Building a pulse oximeter with Arduino and an RGB Matrix Shield #COVID19
John Keefe writes about at-home pulse oximeters, those fingertip devices doctors use to measure the oxygen saturation in your blood, have been selling out everywhere thanks to the Covid-19 pandemic. SparkFun sells a DIY “pulse ox” sensor. It, like other pulse oximeters, shines light into the skin and makes measurements based on how that light is absorbed. John has built heartbeat-driven projects before and had been exploring new ways to monitor pulse rates.
The heart (ha!) of the project is the Pulse Oximeter and Heart Rate Sensor, which includes the sensor itself, a tiny brain to make the measurement calculations, and two “Qwiic” connections.

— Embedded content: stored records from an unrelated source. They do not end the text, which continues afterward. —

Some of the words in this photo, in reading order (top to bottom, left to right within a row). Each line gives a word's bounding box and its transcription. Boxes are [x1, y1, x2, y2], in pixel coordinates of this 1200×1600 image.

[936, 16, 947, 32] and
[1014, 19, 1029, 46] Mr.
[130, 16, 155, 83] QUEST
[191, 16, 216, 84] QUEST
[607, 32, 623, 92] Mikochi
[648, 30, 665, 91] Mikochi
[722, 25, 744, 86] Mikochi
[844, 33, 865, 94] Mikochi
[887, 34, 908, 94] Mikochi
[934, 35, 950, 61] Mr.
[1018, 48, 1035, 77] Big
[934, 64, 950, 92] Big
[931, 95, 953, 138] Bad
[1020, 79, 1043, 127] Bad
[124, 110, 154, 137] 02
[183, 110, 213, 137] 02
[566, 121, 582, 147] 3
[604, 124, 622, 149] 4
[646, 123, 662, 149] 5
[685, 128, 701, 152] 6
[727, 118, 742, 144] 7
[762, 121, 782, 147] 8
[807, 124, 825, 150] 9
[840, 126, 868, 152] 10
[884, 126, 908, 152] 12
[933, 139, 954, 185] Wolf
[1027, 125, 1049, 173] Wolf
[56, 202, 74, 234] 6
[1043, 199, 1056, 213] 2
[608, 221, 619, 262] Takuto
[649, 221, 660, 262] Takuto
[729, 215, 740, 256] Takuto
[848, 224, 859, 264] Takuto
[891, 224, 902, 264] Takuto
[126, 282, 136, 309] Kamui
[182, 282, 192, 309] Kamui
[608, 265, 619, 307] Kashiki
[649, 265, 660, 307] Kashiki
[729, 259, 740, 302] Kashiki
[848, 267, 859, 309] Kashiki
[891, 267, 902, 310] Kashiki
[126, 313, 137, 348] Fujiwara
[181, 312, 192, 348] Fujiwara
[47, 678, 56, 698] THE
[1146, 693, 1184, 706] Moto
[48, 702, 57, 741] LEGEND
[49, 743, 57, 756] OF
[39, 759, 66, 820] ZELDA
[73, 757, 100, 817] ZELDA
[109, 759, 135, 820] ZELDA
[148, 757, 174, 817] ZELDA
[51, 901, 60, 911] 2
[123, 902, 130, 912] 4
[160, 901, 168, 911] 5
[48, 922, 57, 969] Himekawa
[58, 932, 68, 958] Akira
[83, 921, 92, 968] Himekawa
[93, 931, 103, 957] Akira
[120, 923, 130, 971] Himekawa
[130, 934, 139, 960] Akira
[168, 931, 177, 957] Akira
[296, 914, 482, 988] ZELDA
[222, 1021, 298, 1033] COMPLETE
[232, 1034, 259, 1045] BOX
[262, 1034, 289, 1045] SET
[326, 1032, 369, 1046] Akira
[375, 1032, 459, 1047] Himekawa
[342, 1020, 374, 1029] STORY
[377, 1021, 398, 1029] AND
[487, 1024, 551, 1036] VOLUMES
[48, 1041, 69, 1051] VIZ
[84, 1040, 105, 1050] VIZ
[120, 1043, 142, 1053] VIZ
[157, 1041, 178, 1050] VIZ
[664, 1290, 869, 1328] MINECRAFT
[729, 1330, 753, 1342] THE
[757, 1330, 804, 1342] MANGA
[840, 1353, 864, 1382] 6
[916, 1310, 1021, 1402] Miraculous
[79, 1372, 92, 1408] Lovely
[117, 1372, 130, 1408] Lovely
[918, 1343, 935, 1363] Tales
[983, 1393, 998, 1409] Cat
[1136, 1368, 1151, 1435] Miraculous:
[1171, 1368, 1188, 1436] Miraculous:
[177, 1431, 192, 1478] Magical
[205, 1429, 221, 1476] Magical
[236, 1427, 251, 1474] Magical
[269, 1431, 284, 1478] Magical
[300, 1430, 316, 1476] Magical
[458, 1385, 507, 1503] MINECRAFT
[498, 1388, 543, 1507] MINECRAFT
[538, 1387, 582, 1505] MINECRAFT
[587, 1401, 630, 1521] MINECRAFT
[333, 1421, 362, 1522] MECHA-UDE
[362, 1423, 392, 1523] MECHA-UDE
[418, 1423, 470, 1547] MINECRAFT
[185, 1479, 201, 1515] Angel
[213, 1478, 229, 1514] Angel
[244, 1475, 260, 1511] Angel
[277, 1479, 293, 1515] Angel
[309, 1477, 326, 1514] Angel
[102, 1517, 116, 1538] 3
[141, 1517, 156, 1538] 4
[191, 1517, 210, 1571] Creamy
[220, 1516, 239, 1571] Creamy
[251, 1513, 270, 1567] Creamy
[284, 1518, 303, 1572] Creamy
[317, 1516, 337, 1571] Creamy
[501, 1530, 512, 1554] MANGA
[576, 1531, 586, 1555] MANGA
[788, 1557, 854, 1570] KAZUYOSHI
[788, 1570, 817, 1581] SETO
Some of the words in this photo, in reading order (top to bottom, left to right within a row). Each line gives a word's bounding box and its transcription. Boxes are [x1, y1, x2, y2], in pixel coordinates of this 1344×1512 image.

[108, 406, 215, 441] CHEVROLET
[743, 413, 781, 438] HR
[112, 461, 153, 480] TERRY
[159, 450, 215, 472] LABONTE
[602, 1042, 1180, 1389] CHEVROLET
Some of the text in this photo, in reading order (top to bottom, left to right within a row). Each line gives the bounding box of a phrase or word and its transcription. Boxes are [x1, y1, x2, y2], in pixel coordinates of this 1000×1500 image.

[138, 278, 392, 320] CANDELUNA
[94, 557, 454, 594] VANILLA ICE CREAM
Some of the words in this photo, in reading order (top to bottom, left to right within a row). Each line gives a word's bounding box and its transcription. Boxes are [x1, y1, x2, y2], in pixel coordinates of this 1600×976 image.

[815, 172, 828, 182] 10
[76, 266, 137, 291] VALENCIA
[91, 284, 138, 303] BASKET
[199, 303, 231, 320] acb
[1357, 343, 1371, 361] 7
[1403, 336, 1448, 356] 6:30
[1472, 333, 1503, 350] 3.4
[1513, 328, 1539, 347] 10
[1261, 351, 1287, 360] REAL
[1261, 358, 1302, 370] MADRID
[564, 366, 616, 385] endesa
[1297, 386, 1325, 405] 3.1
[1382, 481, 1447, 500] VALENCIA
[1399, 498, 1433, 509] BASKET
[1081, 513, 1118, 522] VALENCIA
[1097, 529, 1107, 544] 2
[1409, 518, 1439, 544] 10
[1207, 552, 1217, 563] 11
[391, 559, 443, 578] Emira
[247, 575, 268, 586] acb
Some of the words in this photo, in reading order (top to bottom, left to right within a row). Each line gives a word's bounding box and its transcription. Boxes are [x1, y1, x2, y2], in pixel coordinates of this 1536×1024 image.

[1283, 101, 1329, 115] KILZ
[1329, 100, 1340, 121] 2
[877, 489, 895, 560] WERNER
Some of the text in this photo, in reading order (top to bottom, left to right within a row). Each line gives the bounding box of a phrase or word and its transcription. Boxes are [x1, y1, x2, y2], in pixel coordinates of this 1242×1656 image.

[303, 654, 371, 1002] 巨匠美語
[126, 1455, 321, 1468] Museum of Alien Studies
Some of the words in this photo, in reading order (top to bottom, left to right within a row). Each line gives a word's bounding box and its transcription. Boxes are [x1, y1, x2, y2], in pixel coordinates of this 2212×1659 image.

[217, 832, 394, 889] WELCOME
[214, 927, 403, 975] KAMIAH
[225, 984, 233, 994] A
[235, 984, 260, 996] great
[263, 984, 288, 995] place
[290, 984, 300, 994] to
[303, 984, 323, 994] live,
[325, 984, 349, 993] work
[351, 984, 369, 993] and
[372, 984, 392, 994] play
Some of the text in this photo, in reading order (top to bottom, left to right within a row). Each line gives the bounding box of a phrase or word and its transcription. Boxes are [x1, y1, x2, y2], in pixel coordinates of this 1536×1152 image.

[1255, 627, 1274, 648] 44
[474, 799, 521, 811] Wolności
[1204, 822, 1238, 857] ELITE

Qwiic is Sparkfun’s system of making it easier to wire up sensors. So I also bought a little box of Qwiic wires.
I’d also need a microcontroller, a credit card-sized hobby computer, to run the show. Sparkfun makes its own version of an Arduino called a RedBoard that is Qwiic-friendly, and that’s probably the easiest option for anyone starting from scratch. I have several Arduino Unos lying around, so I got a cheap Qwiic adapter for Arduino, which the Arduino world calls a “shield.”
Finally, I got fancy and added an Adafruit RGB Neopixel shield — which is a fun grid of addressable LEDs — to make a display. This is wholly unnecessary; you can read values off the microcontroller with your own computer.